Zwar bemühe sich die A22-Gesellschaft, Lärmschutzwände zu errichten und andere Verbesserungen einzuführen. Aber die Maßnahmen reichen nicht aus, so Schatzer. Er betont, wie wichtig eine Zusammenarbeit zwischen Österreich und Italien sei, um auch in Südtirol ein Abfahrtverbot und ein LKW-Fahrverbot auf Landes- und Gemeindestraßen einführen zu können. Notwendig sei auch ein besseres Parkleitsystem für LKW, da die Parkplätze in der Sadobre oft überfüllt seien und LKW in den Dörfern entlang der Straßen und auf der Autobahn parken. Die Landesregierung hat eine Machbarkeitsstudie zum so genannten „Brenner Digital Green Corridor“, vorgestellt. Ein Slot System könne laut Schatzer grundsätzlich Verbesserungen hervorbringen, aber vor allem brauche es vertragliche Vereinbarungen, und zwar zwischen allen drei Staaten Italien-Österreich-Deutschland, ansonsten sei dieses System nur sehr schwer umsetzbar.
„Schnittstelle Euregio“
„Wir wollen den Verkehr nicht verteufeln. Wir brauchen ihn, er ist wichtig für unsere Gesellschaft und für die Wirtschaft. Aber die Grenze der Belastbarkeit ist längst überschritten“, so
Monika Reinthaler, Präsidentin der Bezirksgemeinschaft Wipptal, über den Durchzugsverkehr, der dem Wipptal kaum Wertschöpfung, dafür aber ein reichliches Maß an Lärm, Bedenken für die Gesundheit, Umwelt-, die Luftverschmutzung hinterlasse. „Wir brauchen kurzfristige und langfristige Maßnahmen, die nicht nur auf Papier festgeschrieben sind, sondern umgesetzt werden.“ Zudem müsse in der Euregio eine verantwortliche Stelle geschaffen werden, die dafür sorgt, dass die Beschlüsse und Ideen durchgeführt, überwacht und koordiniert werden.

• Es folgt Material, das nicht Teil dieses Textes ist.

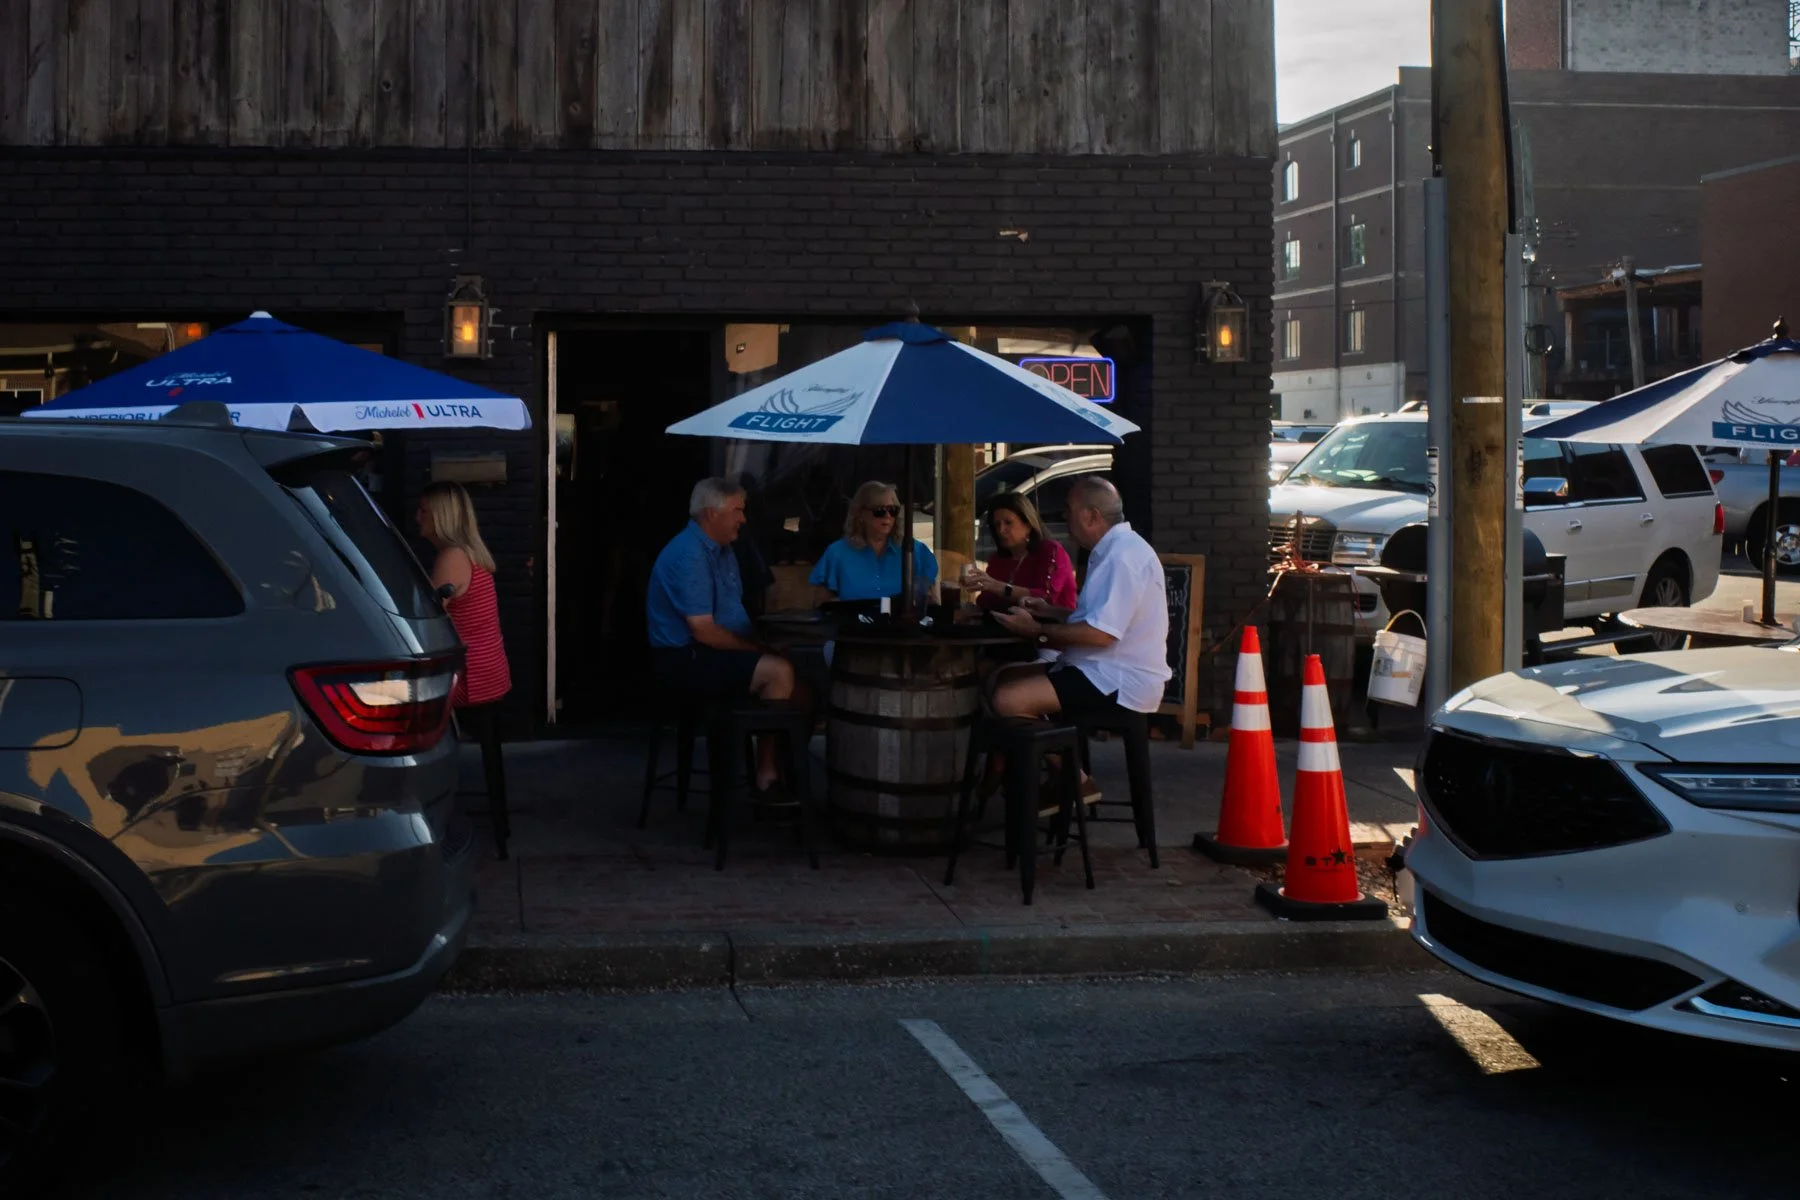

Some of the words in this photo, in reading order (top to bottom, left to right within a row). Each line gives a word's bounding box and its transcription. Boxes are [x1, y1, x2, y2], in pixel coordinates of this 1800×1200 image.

[146, 376, 232, 386] ULTRA
[426, 404, 482, 418] ULTRA
[746, 415, 827, 430] FLIGHT

„Forderungspapier bereits ab morgen umsetzbar“
In einem dreiseitigen Papier fordern die Vertreter u. a., dass sich die Autobahngesellschaften grenzüberschreitend abstimmen und einen Masterplan festlegen, wie vorgegangen wird, sobald sich Stau bildet. Auch Behörden nördlich und südlich des Brenners sollen sich auf Planungsverbandebene und Regionsebene austauschen. Dasselbe gilt für die italienische und österreichische Bahn. Weitere zentrale Forderungen sind die Rückgewinnung des Lebensraumes, die ganzjährige Erreichbarkeit der Bevölkerung für Einsatzfahrzeuge, Rettung, Feuerwehr und Polizei sowie die individuelle Bewegungsfreiheit der einheimischen Bevölkerung auf dem niederrangigen Netz an Stautagen, die enge Zusammenarbeit in Verkehrsfragen zwischen Nord-, Süd- und Osttirol, die umweltmedizinische Evaluierung der Auswirkungen von Ultra-Feinstaub, die Anbringung von Feinstaub-Messstellen nördlich und südlich des Brenners, ein grenzüberschreitender Halbstundentakt Trient-Innsbruck im Personennahverkehr mit Einbeziehung aller Bahnhöfe, die Verlagerung des Verkehrs auf die Schiene, die laufende Anpassung und – falls notwendig – die Erweiterung und Verschärfung der temporären Abfahrtsverbote, die Realisierung einer Umfahrung in Gossensaß und Mauls und eine Lösung der Parkplatzsituation in der Sadobre.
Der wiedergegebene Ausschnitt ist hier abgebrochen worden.